Question 2: Reduce the long tail
In the Controlling Precision section, we discussed how to use the and operator and the minimum_should_match parameter to reduce the number of documents with low relevance:
{ "query": { "multi_match": { "query": "Poland Street W1V", "type": "most_fields", "operator": "and", "fields": [ "street", "city", "country", "postcode" ] } }}
However, if you use best_fields or most_fields, these parameters are passed to the generated match query. The query is interpreted as follows (using the validate-query API ):
(+ Street: poland + street: street + street: w1v) (+ city: poland + city: street + city: w1v) (+ country: poland + country: street + country: w1v) (+ postcode: poland + postcode: street + postcode: w1v)
In other words, when the and operator is used, all words must appear in the same field. This is obviously wrong! In this way, there may be no matching documents.

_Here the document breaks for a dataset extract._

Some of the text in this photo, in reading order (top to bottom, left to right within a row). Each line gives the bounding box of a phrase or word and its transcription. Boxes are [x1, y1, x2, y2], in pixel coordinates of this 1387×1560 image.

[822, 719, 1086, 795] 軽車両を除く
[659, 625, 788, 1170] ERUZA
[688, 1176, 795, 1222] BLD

Question 3: Entry frequency
In What is Relevance, we explain the default similarity algorithm TF/IDF used to calculate the correlation score of each entry:
Term Frequency)
In a document, the more frequently a word appears in a field, the higher the relevance of the document.
Inverted Document Frequency (Inverse Document Frequency)

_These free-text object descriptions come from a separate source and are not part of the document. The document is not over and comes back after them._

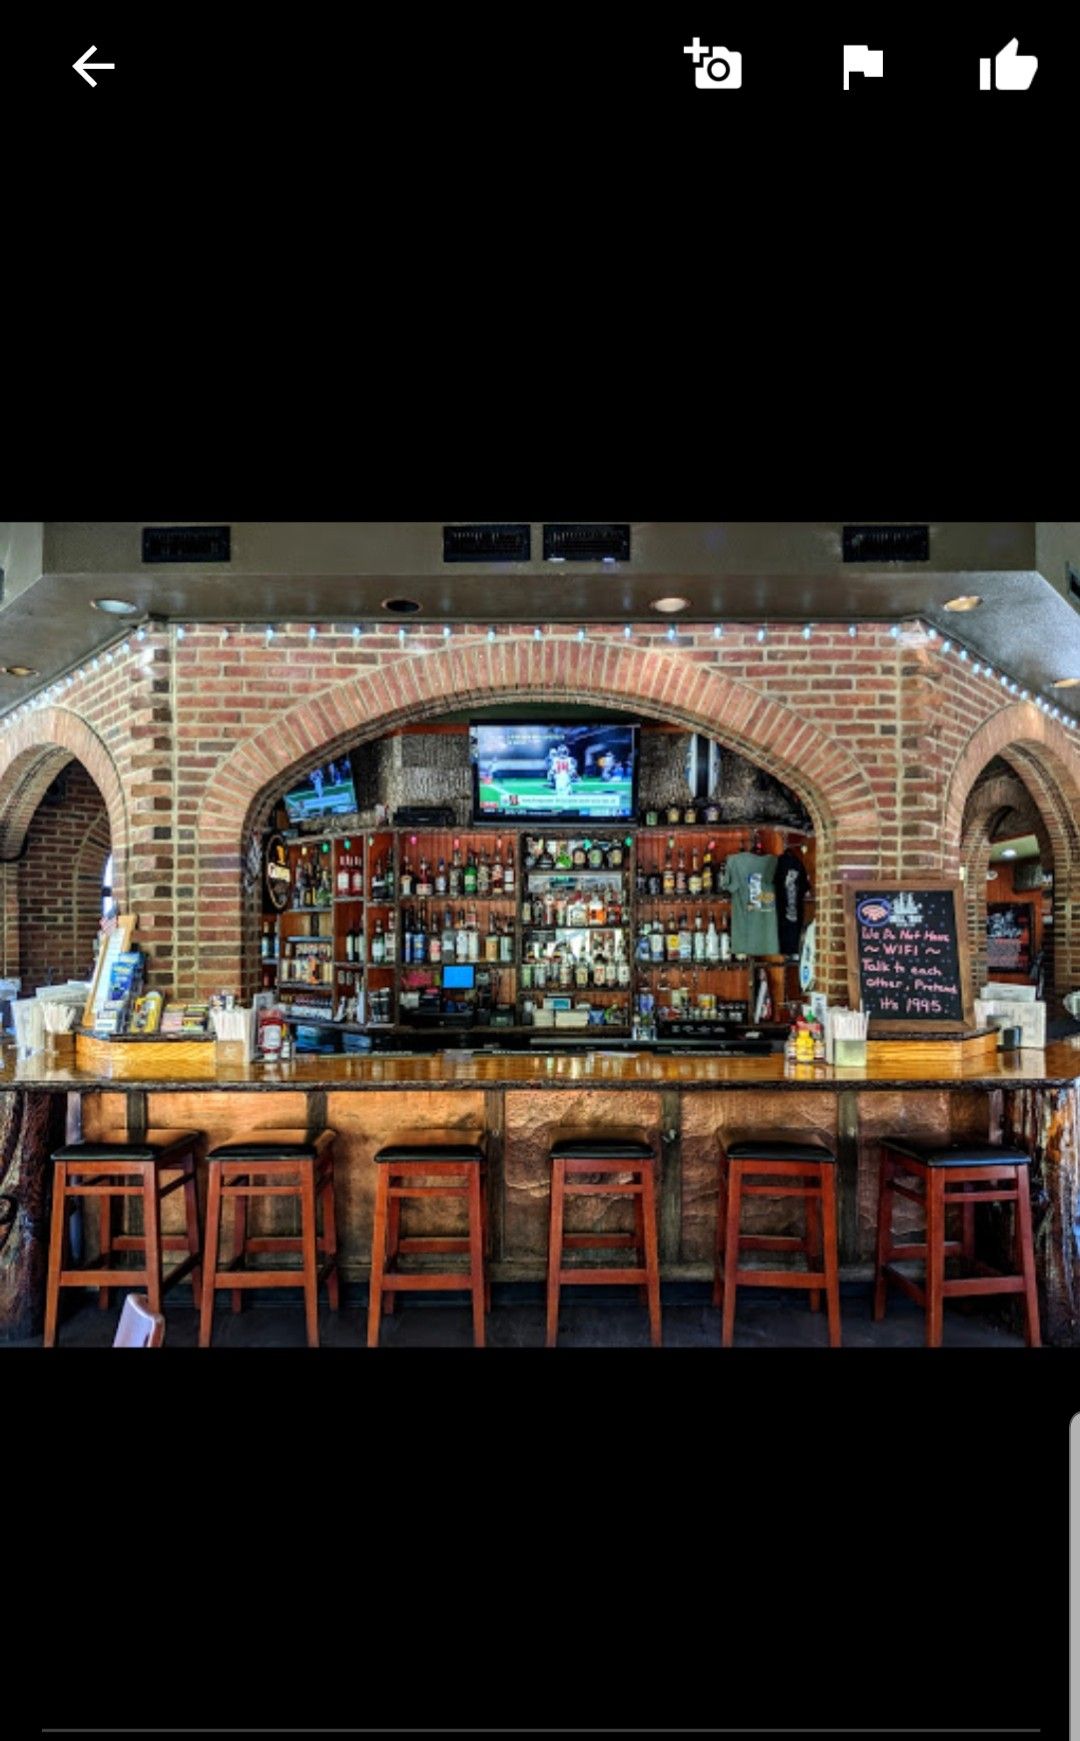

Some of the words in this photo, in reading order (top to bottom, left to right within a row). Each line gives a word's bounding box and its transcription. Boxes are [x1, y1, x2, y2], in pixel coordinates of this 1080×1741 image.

[862, 927, 879, 940] We
[900, 930, 922, 940] Not
[923, 930, 950, 942] Have
[883, 943, 918, 955] WIFI
[862, 958, 890, 972] Talk
[894, 961, 905, 973] to
[911, 966, 943, 976] each
[914, 979, 958, 995] Pretend
[880, 996, 899, 1011] It's

The more frequently an entry appears in the fields of all documents indexed, the lower the relevance of the entry.
When searching through multiple fields, TF/IDF will produce some surprising results.
Consider using the first_name and last_name fields to search for "Peter Smith. Peter is a common name, and Smith is a common surname-they have low IDF. But what if there is another person named Smith Williams in the index? Smith is very rare as a name, so it has a very high IDF value!
A simple query like the following will put Smith Williams before Peter Smith ), although Peter Smith is clearly a better match:
{ "query": { "multi_match": { "query": "Peter Smith", "type": "most_fields", "fields": [ "*_name" ] } }}
Smith's high idf value in the first_name field will overwhelm peter's two low IDF values in the first_name field and smith's last_name field.
Solution
This problem only exists when we process multiple fields. If we merge all these fields into one field, this problem will no longer exist. We can add a full_name field to the person document for implementation:
{ "first_name": "Peter", "last_name": "Smith", "full_name": "Peter Smith"}
When we only query the full_name field:
- More documents that match a word are better than documents that repeat a word.
- The minimum_should_match and operator parameters work properly.
- The frequency of inverted documents of first_name and last_name is merged, So smith is no longer important, whether it is first_name or last_name.
Although this method can work, we do not want to store redundant data. Therefore, ES provides us with two solutions-one during indexing and the other during searching. They will be discussed in the next section.